PROBLEM STATEMENT: Once the images are set aside, print the remaining lines below exactly.

(Records from a collection)
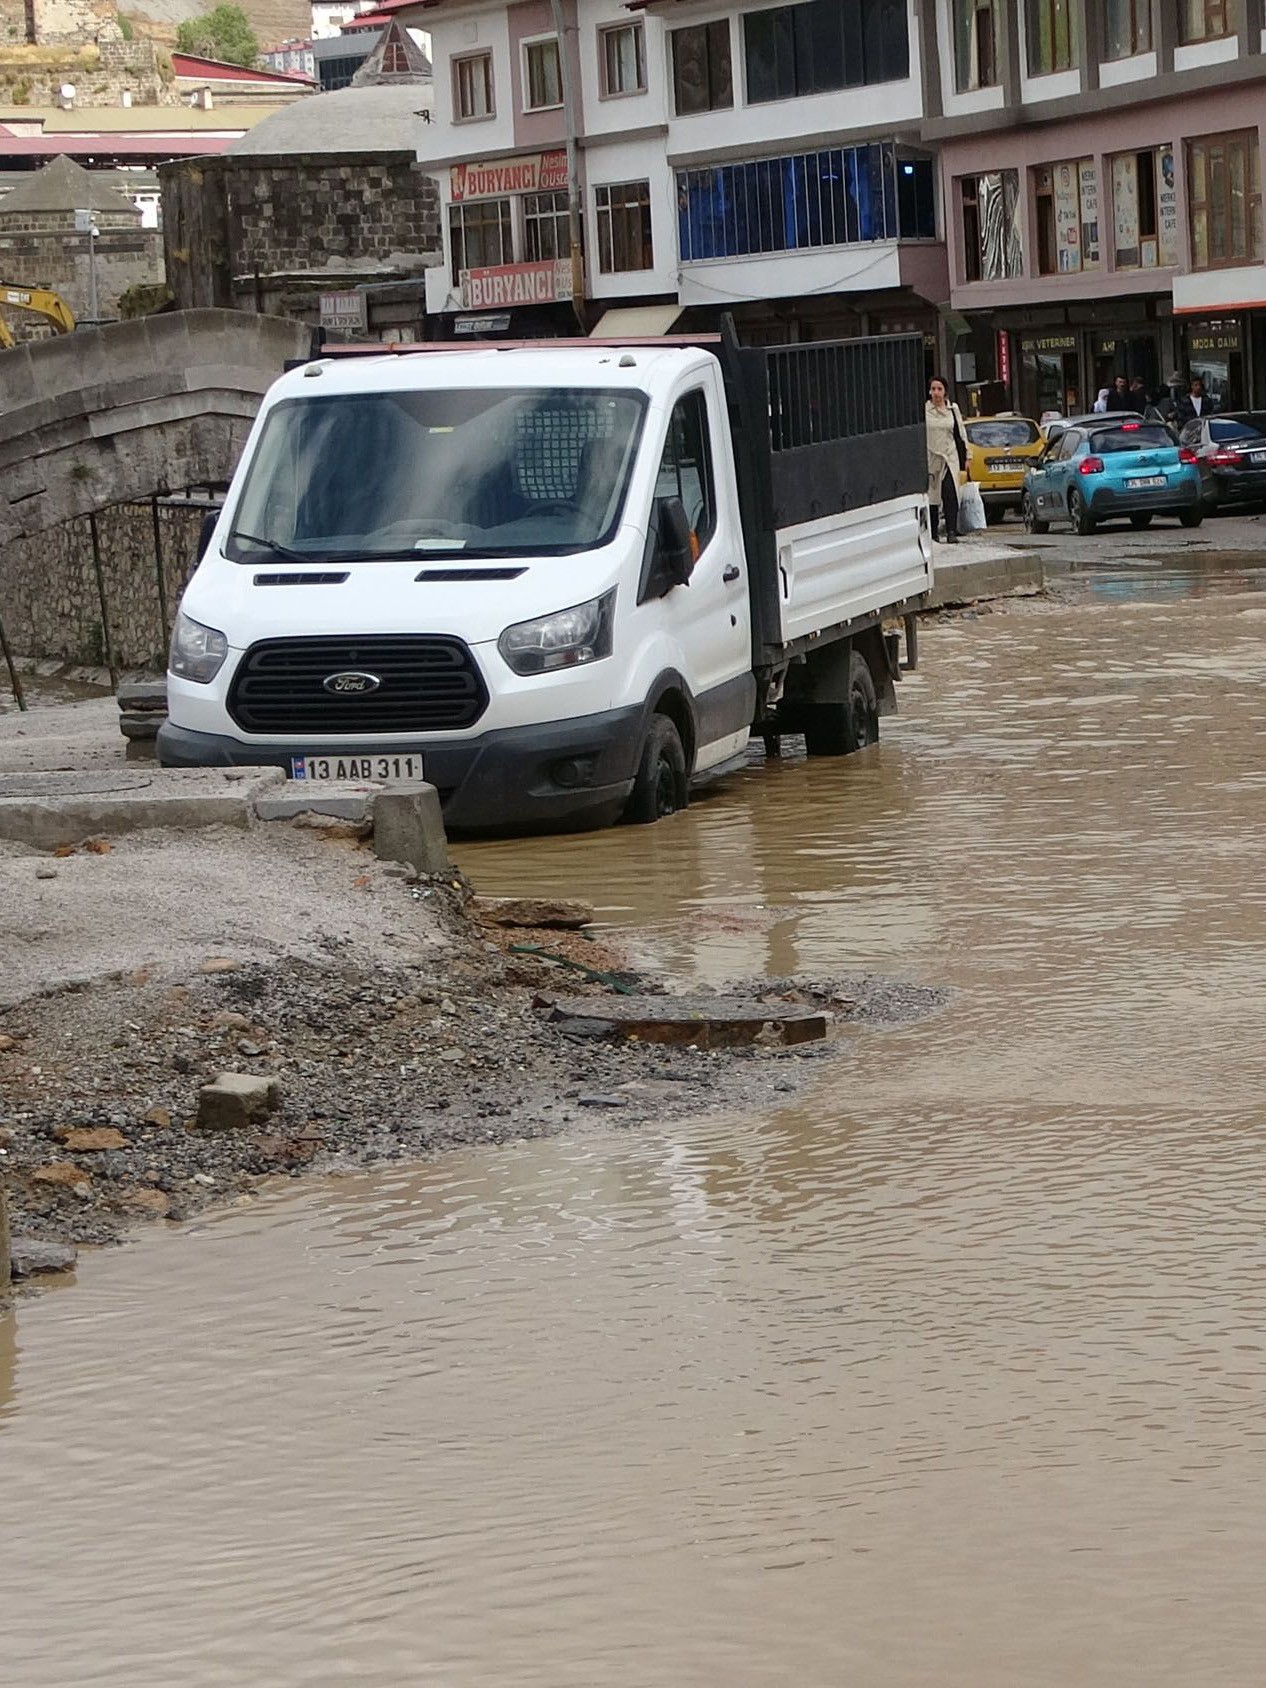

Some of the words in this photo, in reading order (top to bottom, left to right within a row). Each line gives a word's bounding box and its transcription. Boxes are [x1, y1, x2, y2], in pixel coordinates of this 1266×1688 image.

[472, 270, 554, 306] BÜRYANCI
[335, 676, 366, 690] Ford
[309, 759, 330, 779] 13
[337, 759, 372, 779] AAB
[378, 758, 413, 779] 311
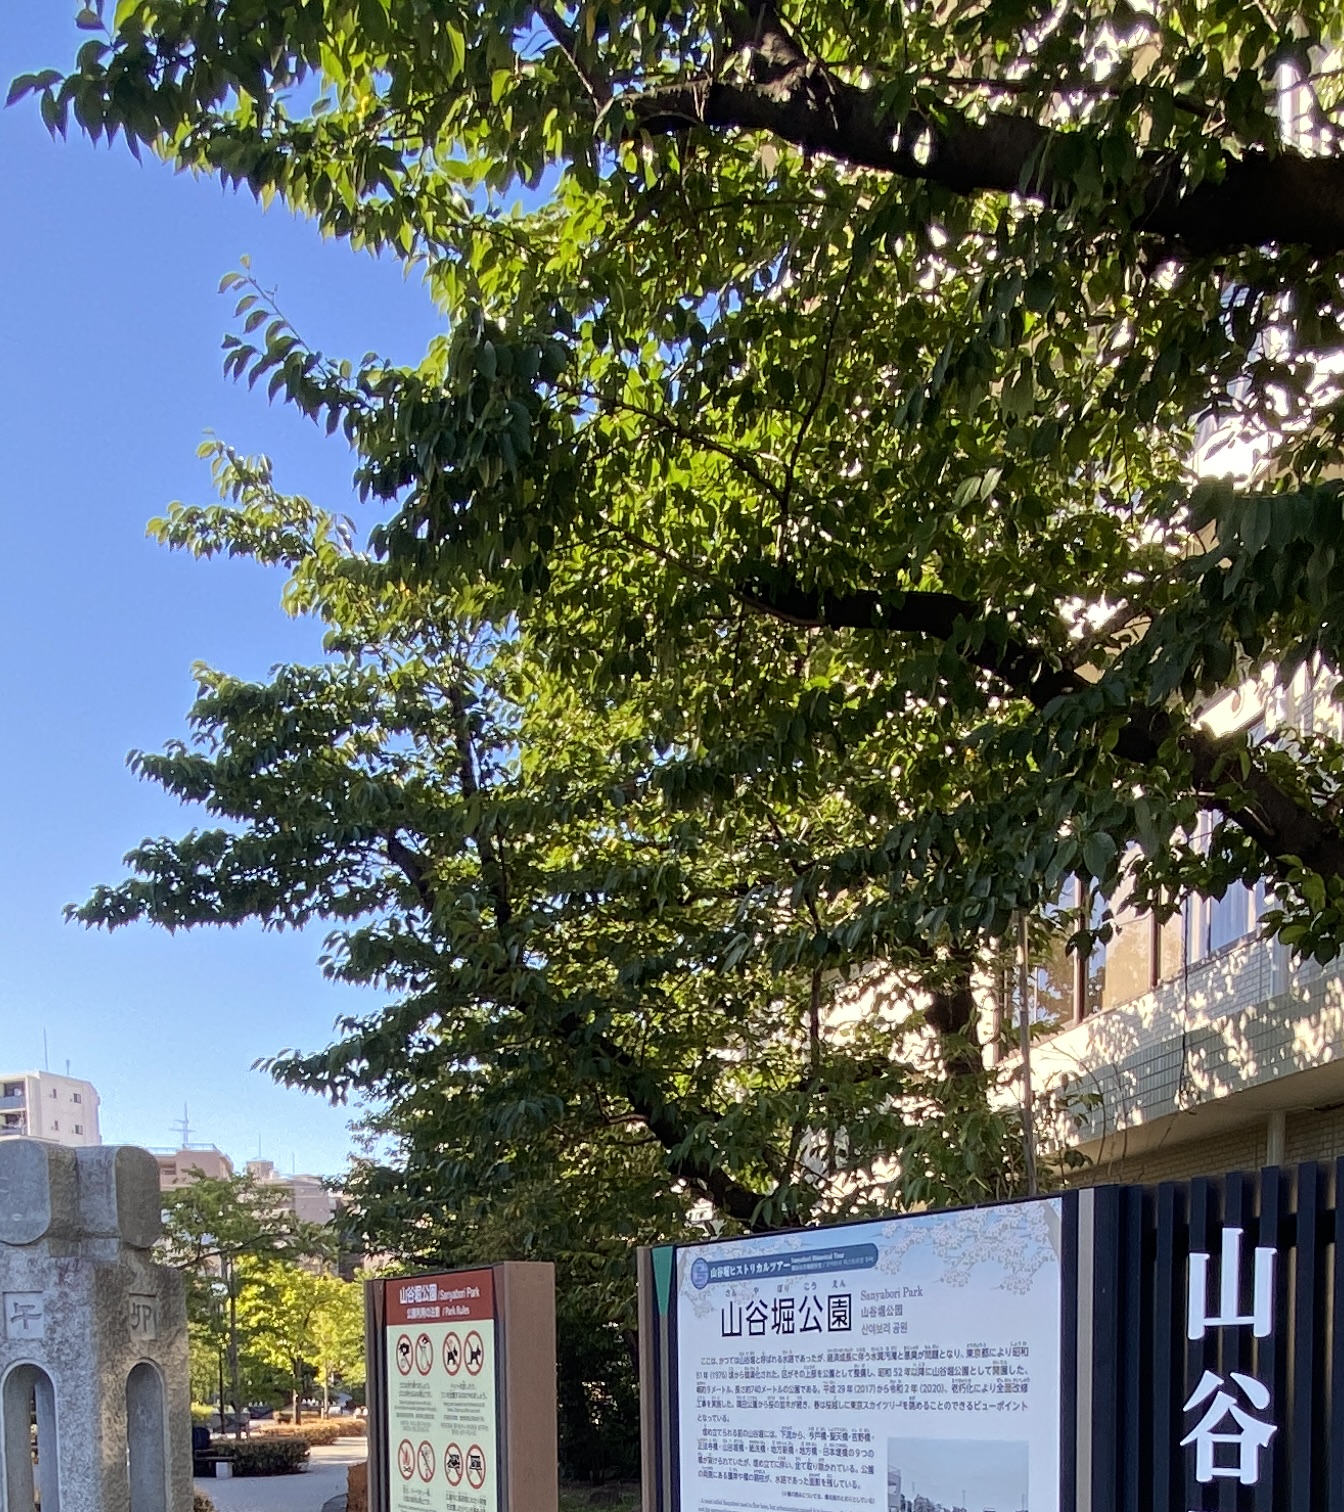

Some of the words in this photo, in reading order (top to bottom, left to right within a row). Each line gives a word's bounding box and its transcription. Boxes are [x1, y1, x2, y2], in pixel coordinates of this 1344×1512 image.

[710, 1260, 791, 1279] 山谷堀ヒストリカルツアー
[399, 1283, 437, 1304] 山谷堀公園
[466, 1286, 480, 1298] Park
[860, 1288, 901, 1302] Sanyabori
[903, 1285, 923, 1298] Park
[10, 1302, 42, 1330] 午
[721, 1293, 852, 1338] 山谷堀公園
[893, 1321, 908, 1334] 공원
[697, 1414, 730, 1423] となっている。
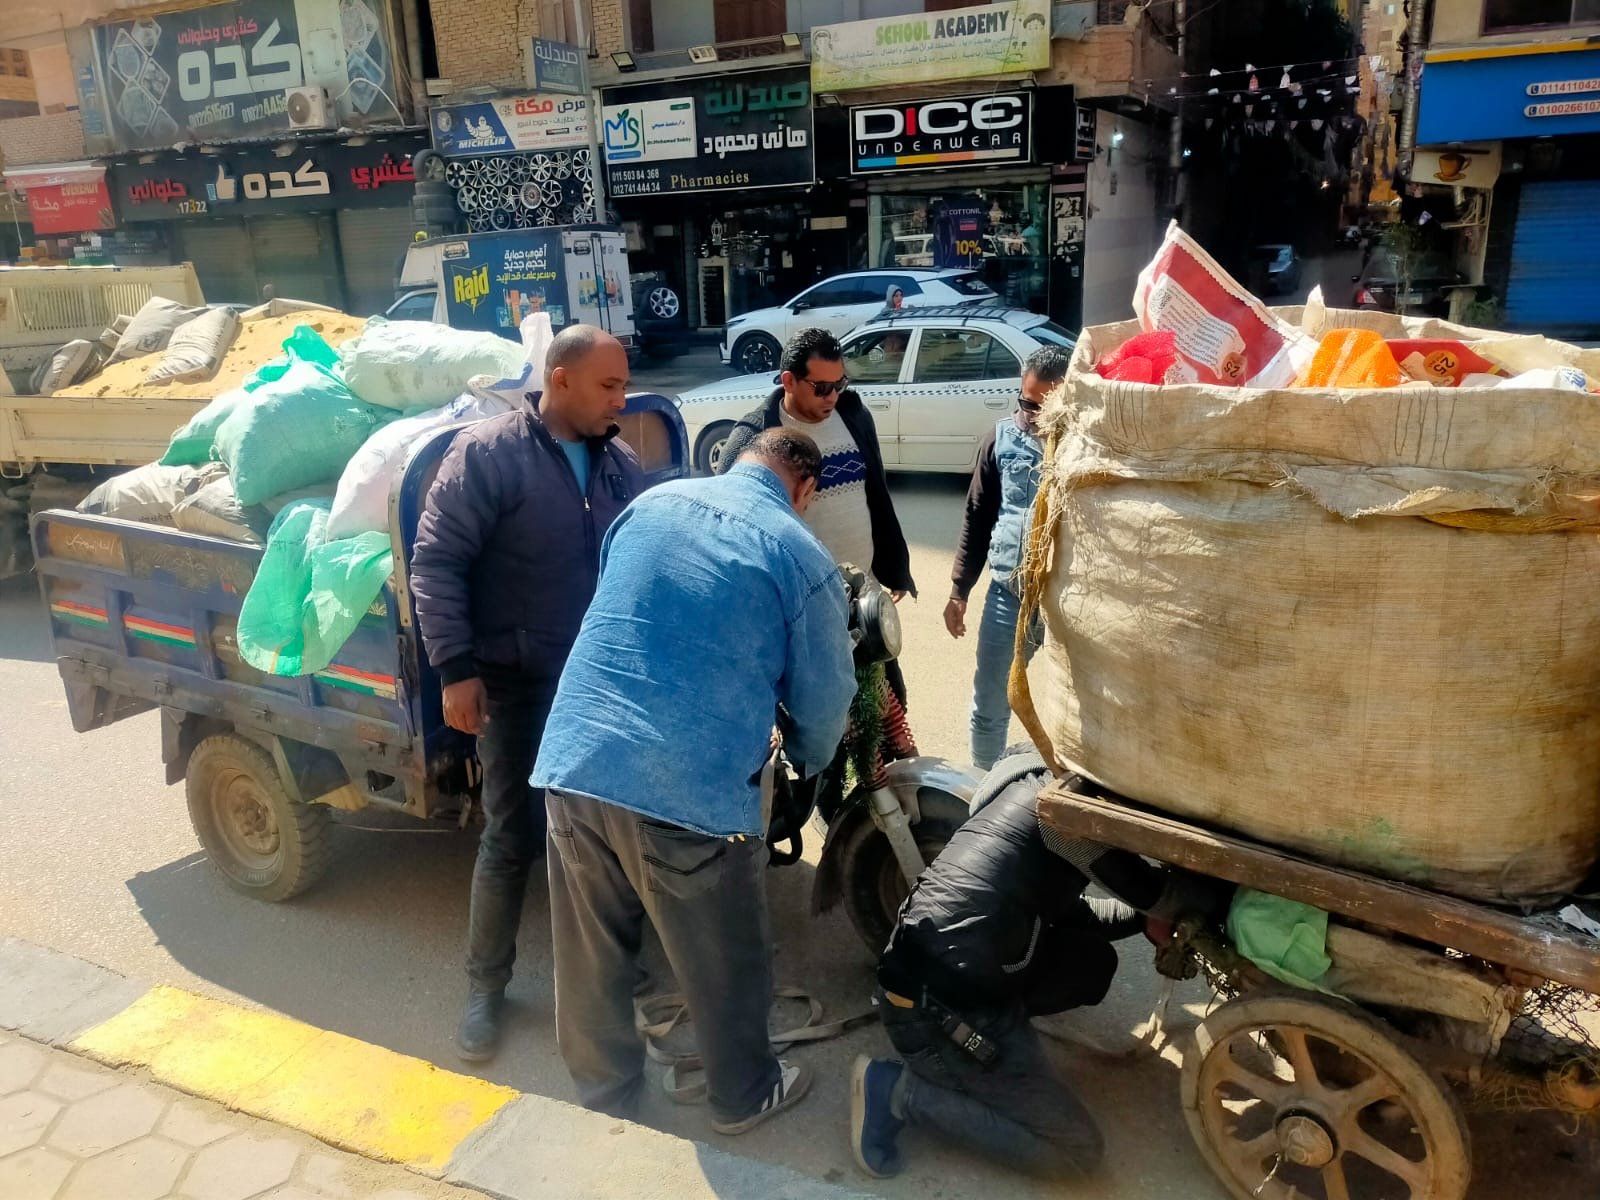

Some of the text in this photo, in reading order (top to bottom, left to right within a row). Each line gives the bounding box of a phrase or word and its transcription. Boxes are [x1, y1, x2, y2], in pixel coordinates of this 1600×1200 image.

[875, 10, 1010, 46] SCHOOL ACADEMY
[177, 18, 302, 101] كده
[535, 40, 579, 68] صيدلية
[515, 97, 554, 116] مكة
[704, 81, 809, 123] صيدلية
[855, 96, 1023, 141] DICE
[458, 136, 507, 150] MICHELIN
[703, 132, 759, 159] محمود
[243, 159, 330, 199] كده
[671, 170, 750, 190] Pharmacies
[178, 200, 208, 215] 17322
[949, 207, 982, 216] COTTONIL
[503, 248, 525, 261] حماية
[955, 239, 982, 256] 10%
[503, 259, 548, 272] بحجم جديد
[453, 265, 490, 303] Raid
[1224, 361, 1241, 378] 25
[1434, 357, 1455, 375] 25
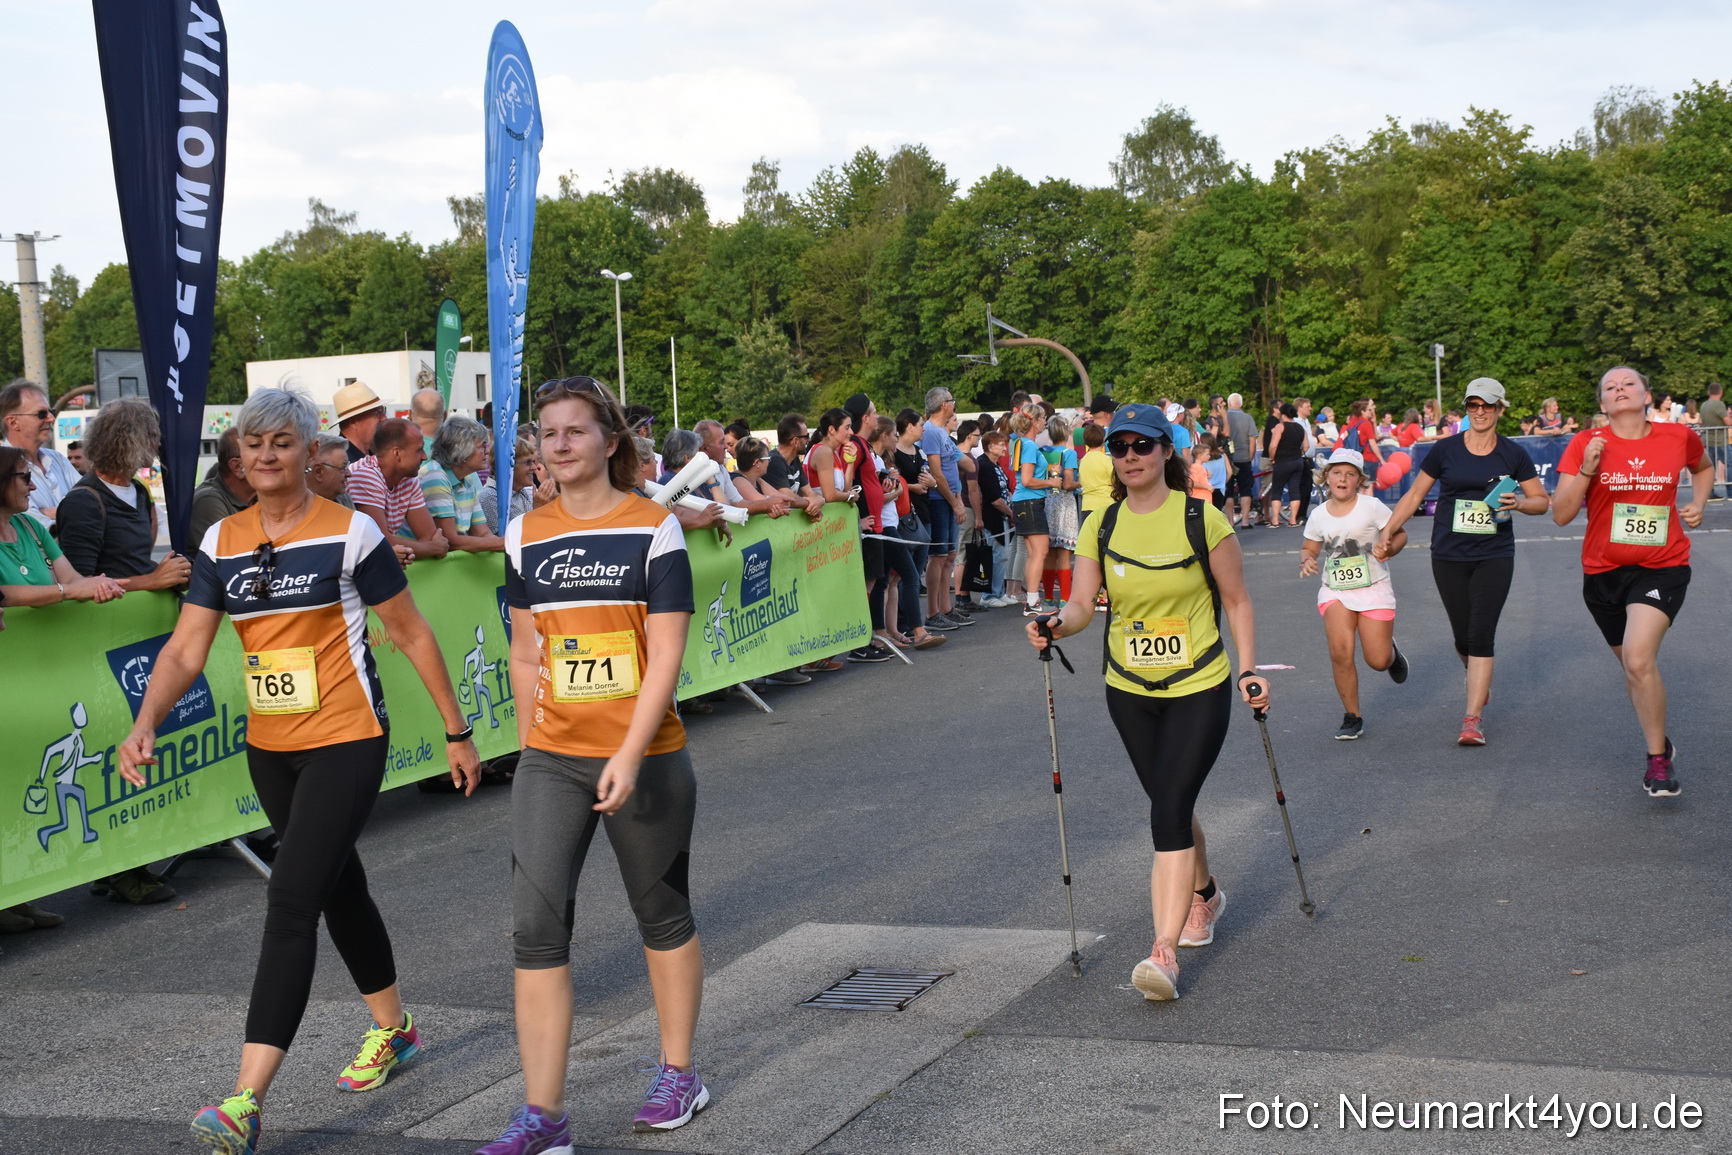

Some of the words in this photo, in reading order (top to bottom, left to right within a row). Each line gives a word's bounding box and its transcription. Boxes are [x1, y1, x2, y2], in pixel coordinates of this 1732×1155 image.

ANSWER BELOW:
Some of the words in this photo, in reading order (top to bottom, left to right within a row). Each line gives a word's bounding box and its transcription. Boxes are [x1, y1, x2, y2], in pixel coordinates of this 1266×1688 image.

[472, 270, 554, 306] BÜRYANCI
[335, 676, 366, 690] Ford
[309, 759, 330, 779] 13
[337, 759, 372, 779] AAB
[378, 758, 413, 779] 311

Some of the words in this photo, in reading order (top to bottom, left to right within a row). Each line gives a word's bounding box and its transcription. Boxes are [x1, y1, x2, y2], in pixel coordinates of this 1344×1512 image.

[710, 1260, 791, 1279] 山谷堀ヒストリカルツアー
[399, 1283, 437, 1304] 山谷堀公園
[466, 1286, 480, 1298] Park
[860, 1288, 901, 1302] Sanyabori
[903, 1285, 923, 1298] Park
[10, 1302, 42, 1330] 午
[721, 1293, 852, 1338] 山谷堀公園
[893, 1321, 908, 1334] 공원
[697, 1414, 730, 1423] となっている。

Some of the text in this photo, in reading order (top to bottom, left to right within a row). Each line gives the bounding box of a phrase or word and its transcription. Boxes are [x1, y1, x2, y2], in pixel coordinates of this 1600×1200 image.

[875, 10, 1010, 46] SCHOOL ACADEMY
[177, 18, 302, 101] كده
[535, 40, 579, 68] صيدلية
[515, 97, 554, 116] مكة
[704, 81, 809, 123] صيدلية
[855, 96, 1023, 141] DICE
[458, 136, 507, 150] MICHELIN
[703, 132, 759, 159] محمود
[243, 159, 330, 199] كده
[671, 170, 750, 190] Pharmacies
[178, 200, 208, 215] 17322
[949, 207, 982, 216] COTTONIL
[503, 248, 525, 261] حماية
[955, 239, 982, 256] 10%
[503, 259, 548, 272] بحجم جديد
[453, 265, 490, 303] Raid
[1224, 361, 1241, 378] 25
[1434, 357, 1455, 375] 25

Some of the words in this photo, in reading order (top to bottom, left to right within a row). Each line gives a word's bounding box and its transcription. Boxes are [x1, y1, x2, y2], in pixel coordinates of this 1732×1155 image.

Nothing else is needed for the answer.